Tiono, Alfred B, Ouédraogo, Alphonse, Ouattara, Daouda, Bougouma, Edith C, Coulibaly, Sam, Diarra, Amidou, Faragher, Brian, Guelbeogo, Moussa W, Grisales, Nelson, Ouédraogo, Issa N, Ouédraogo, Zininwindé Amidou, Pinder, Margaret
, Sanon, Souleymane, Smith, Tom, Vanobberghen, Fiona, Sagnon, N'Fale, Ranson, Hilary & Lindsay, Steve W.
(2018). Efficacy of Olyset Duo, a bednet containing pyriproxyfen and permethrin, versus a permethrin-only net against clinical malaria in an area with highly pyrethroid-resistant vectors in rural Burkina Faso: a cluster-randomised controlled trial. The Lancet 392
Author(s) from Durham
Background Substantial reductions in malaria incidence in sub-Saharan Africa have been achieved with massive
deployment of long-lasting insecticidal nets (LLINs), but pyrethroid resistance threatens control. Burkina Faso is an
area with intense malaria transmission and highly pyrethroid-resistant vectors. We assessed the effectiveness of
bednets containing permethrin, a pyrethroid, and pyriproxyfen, an insect growth regulator, versus permethrin-only
(standard) LLINs against clinical malaria in children younger than 5 years in Banfora, Burkina Faso.
Methods In this two-group, step-wedge, cluster-randomised, controlled, superiority trial, standard LLINs were
incrementally replaced with LLINs treated with permethrin plus pyriproxyfen (PPF) in 40 rural clusters in Burkina
Faso. In each cluster, 50 children (aged 6 months to 5 years) were followed up by passive case detection for clinical
malaria. Cross-sectional surveys were done at the start and the end of the transmission seasons in 2014 and 2015. We
did monthly collections from indoor light traps to estimate vector densities. Primary endpoints were the incidence of
clinical malaria, measured by passive case detection, and the entomological inoculation rate. Analyses were adjusted
for clustering and for month and health centre. This trial is registered as ISRCTN21853394.

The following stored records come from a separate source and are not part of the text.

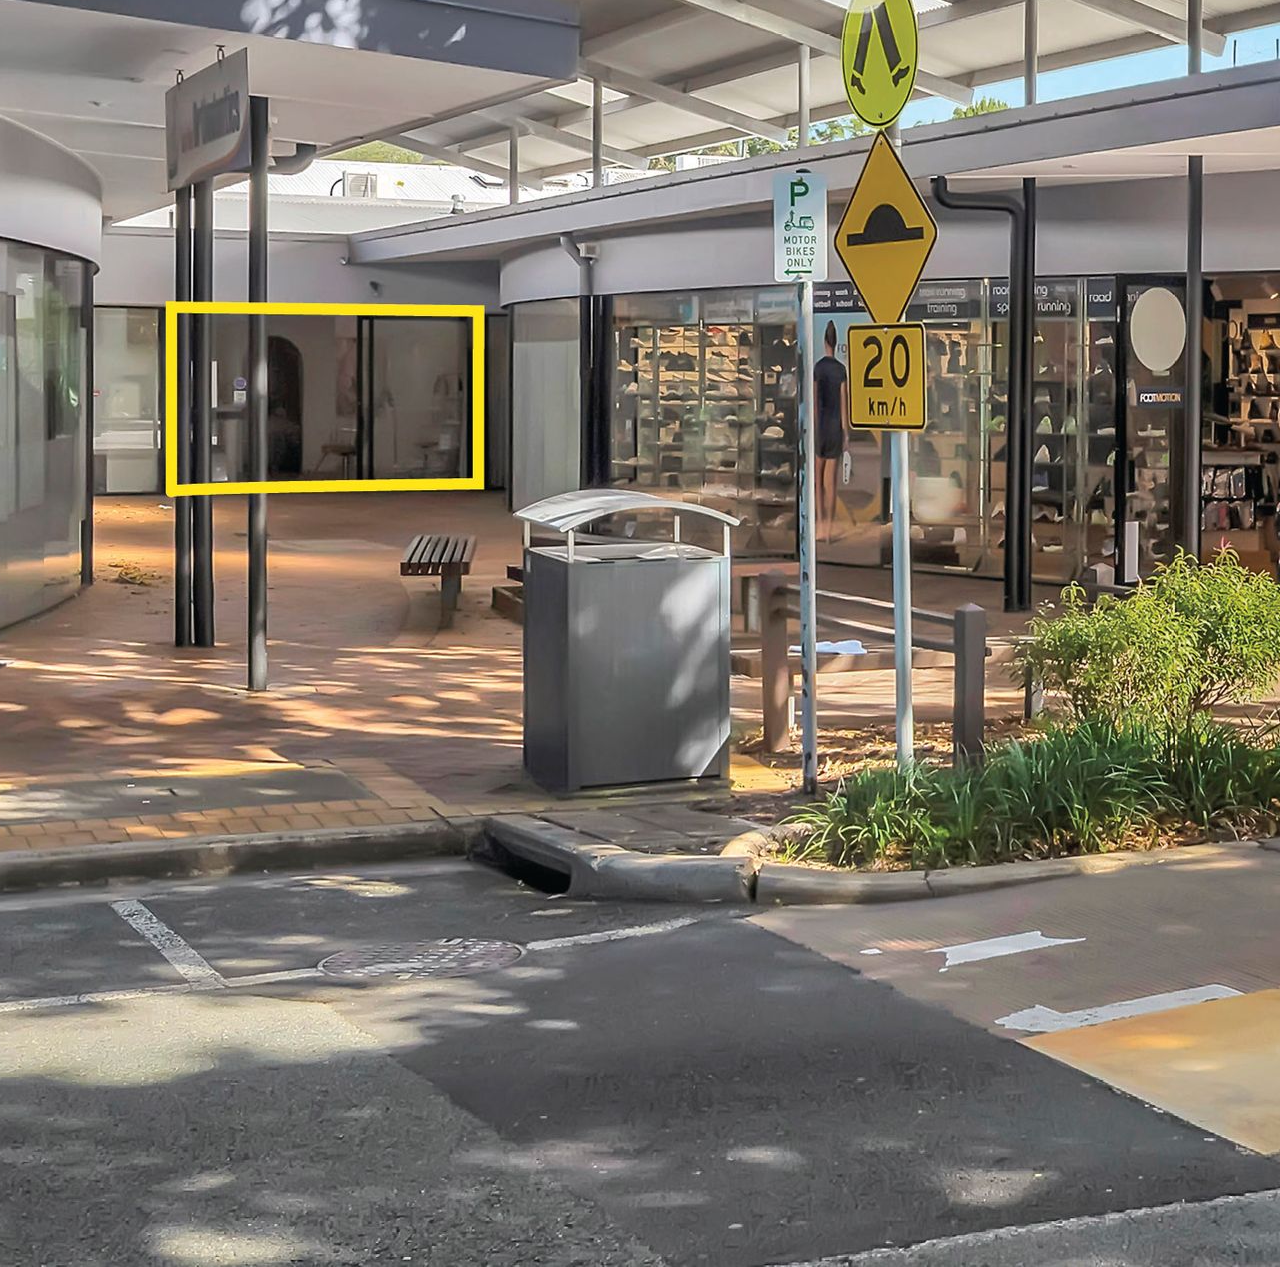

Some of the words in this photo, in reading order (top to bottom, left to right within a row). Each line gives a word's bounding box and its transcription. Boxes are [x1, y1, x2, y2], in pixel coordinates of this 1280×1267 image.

[790, 181, 810, 207] P
[783, 235, 817, 245] MOTOR
[785, 246, 816, 256] BIKES
[786, 258, 814, 267] ONLY
[1089, 291, 1112, 303] road
[927, 302, 958, 316] training
[1037, 300, 1071, 316] running
[862, 334, 911, 389] 20
[868, 396, 907, 417] km/h
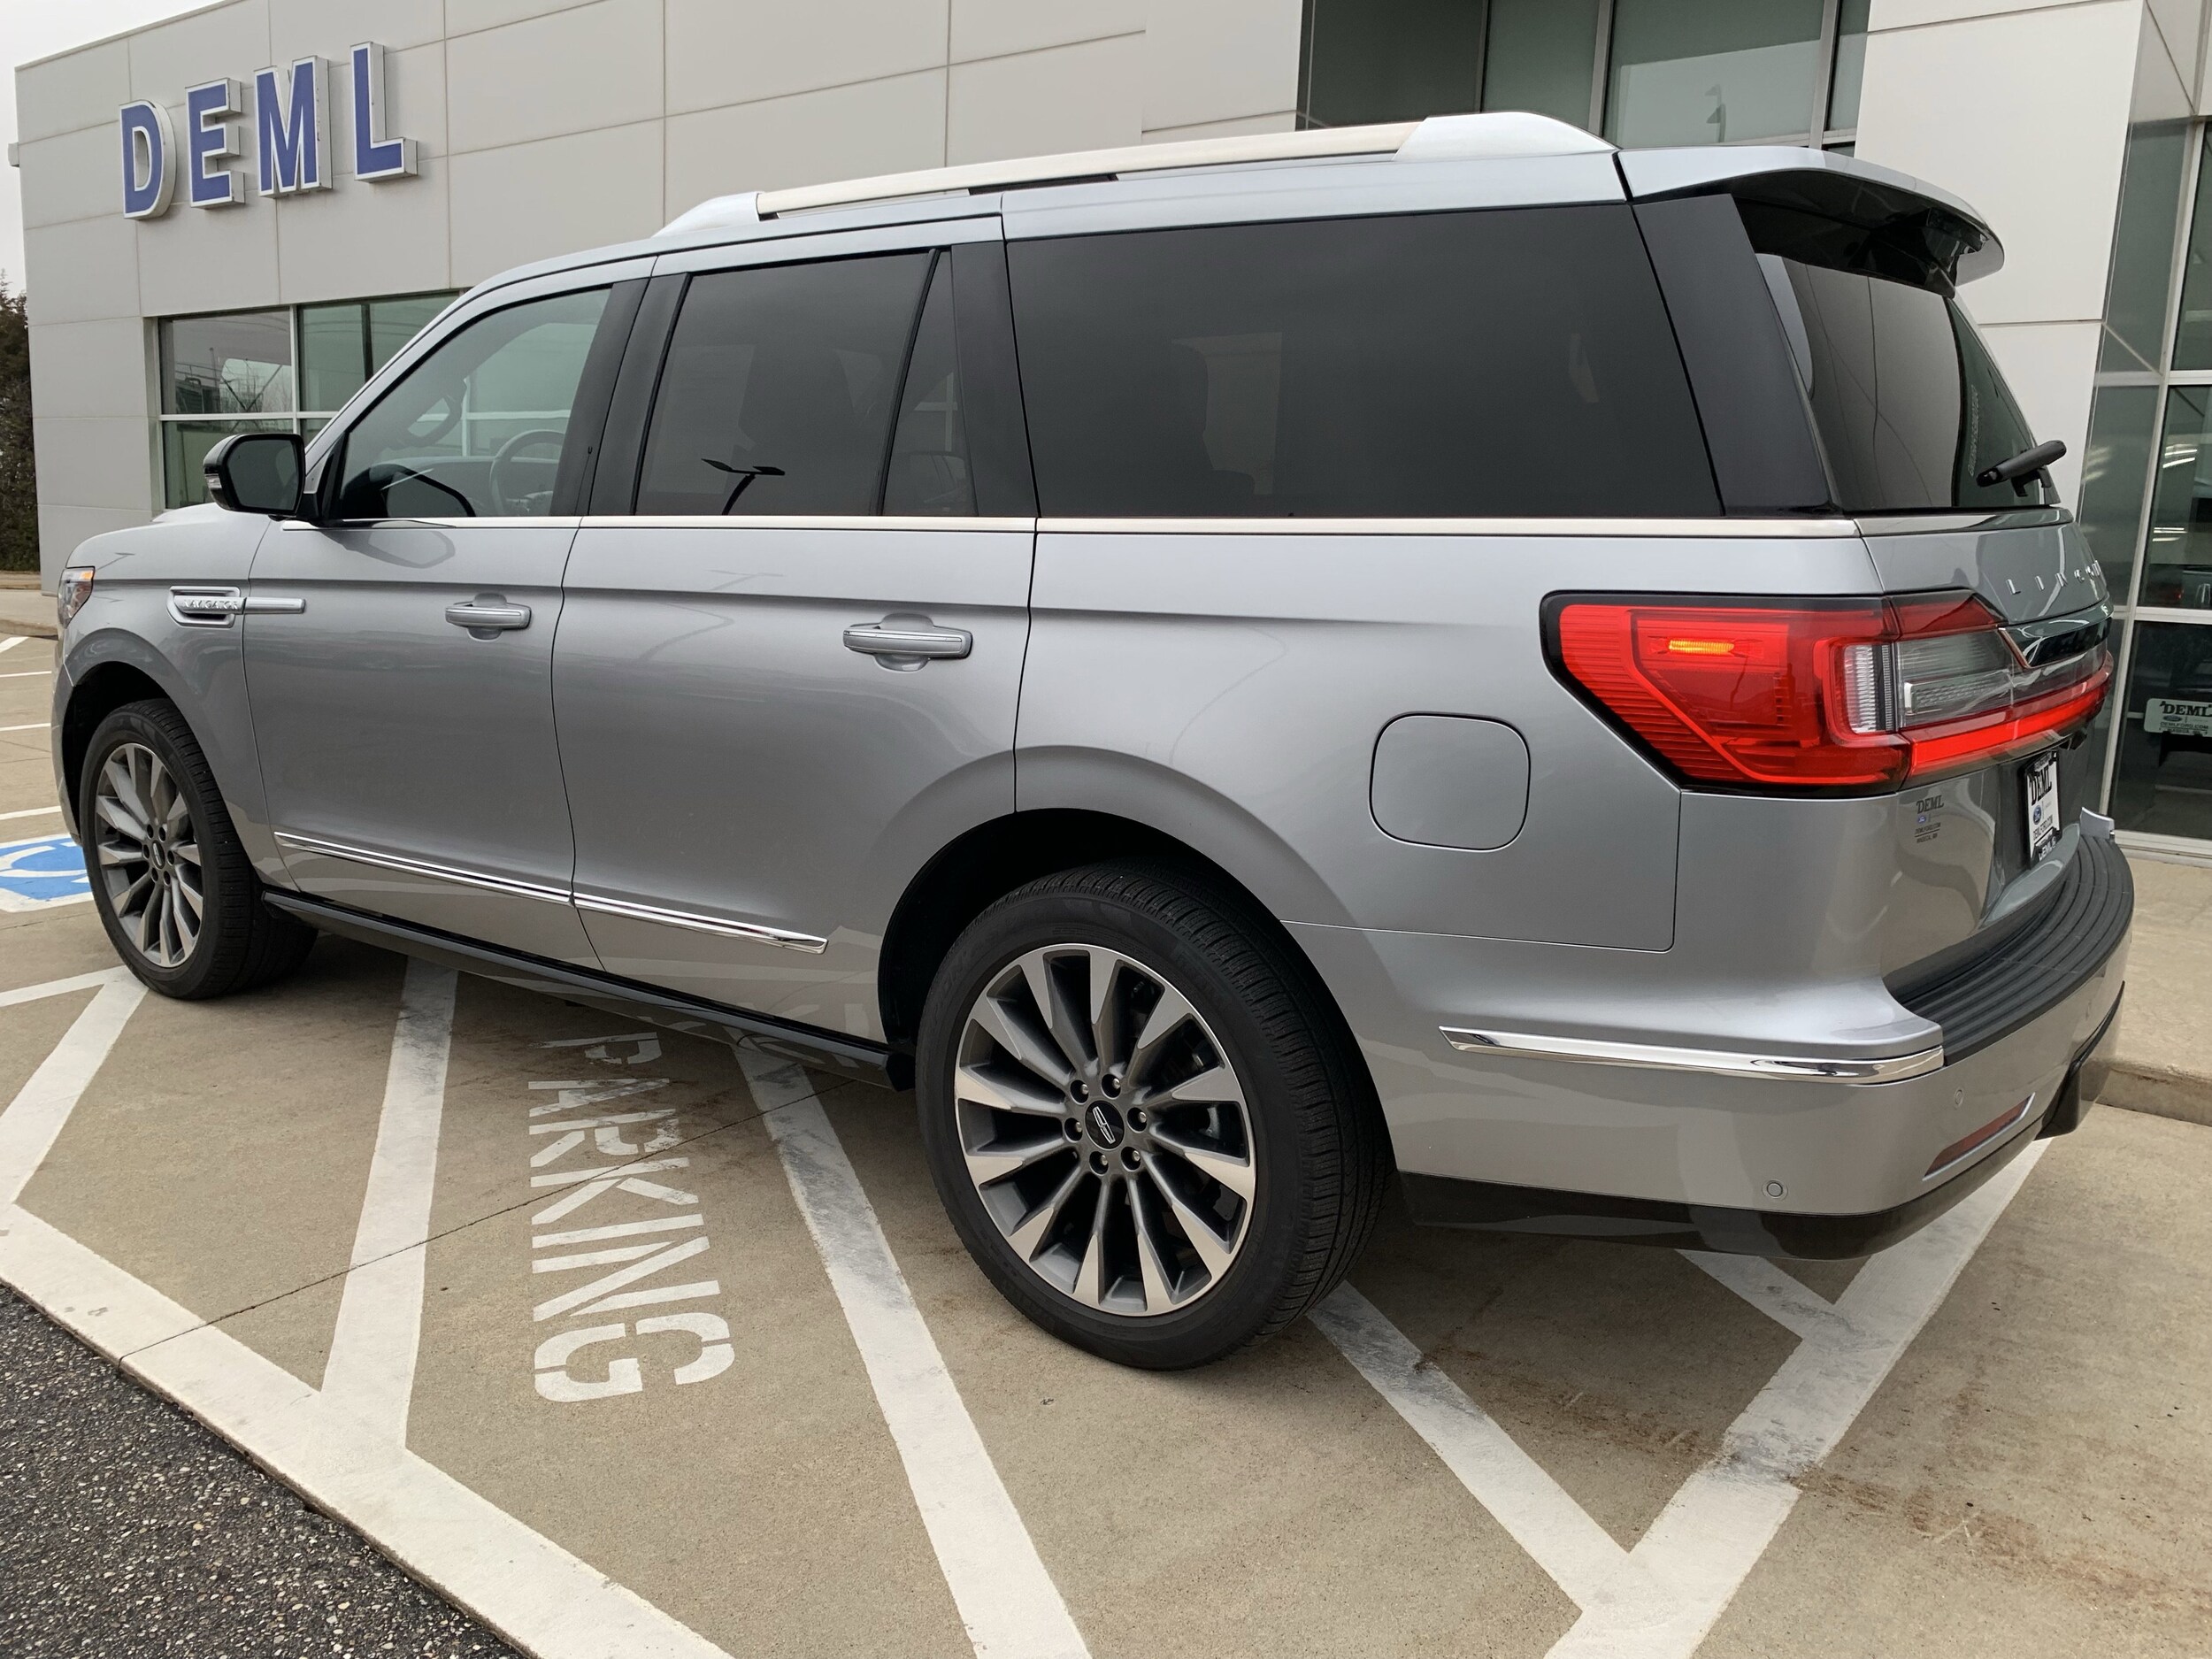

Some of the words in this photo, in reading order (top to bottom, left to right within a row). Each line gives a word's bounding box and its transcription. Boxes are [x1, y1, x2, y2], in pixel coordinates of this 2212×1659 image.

[119, 41, 418, 220] DEML
[1916, 795, 1945, 814] DEML
[2029, 764, 2053, 806] DEML
[527, 1032, 735, 1402] PARKING

Findings 1980 children were enrolled in the cohort in 2014 and 2157 in 2015. At the end of the study, more than
99% of children slept under a bednet. The incidence of clinical malaria was 2·0 episodes per child-year in the standard
LLIN group and 1·5 episodes per child-year in the PPF-treated LLIN group (incidence rate ratio 0·88 [95% CI
0·77–0·99; p=0·04]). The entomological inoculation rate was 85 (95% CI 63–108) infective bites per transmission
season in the standard LLIN group versus 42 (32–52) infective bites per transmission season in the PPF-treated LLIN
group (rate ratio 0·49, 95% CI 0·32–0·66; p<0·0001).
Interpretation PPF-treated LLINs provide greater protection against clinical malaria than do standard LLINs and
could be used as an alternative to standard LLINs in areas with intense transmission of Plasmodium falciparum
malaria and highly pyrethroid-resistant vectors.
Funding EU Seventh Framework Programme.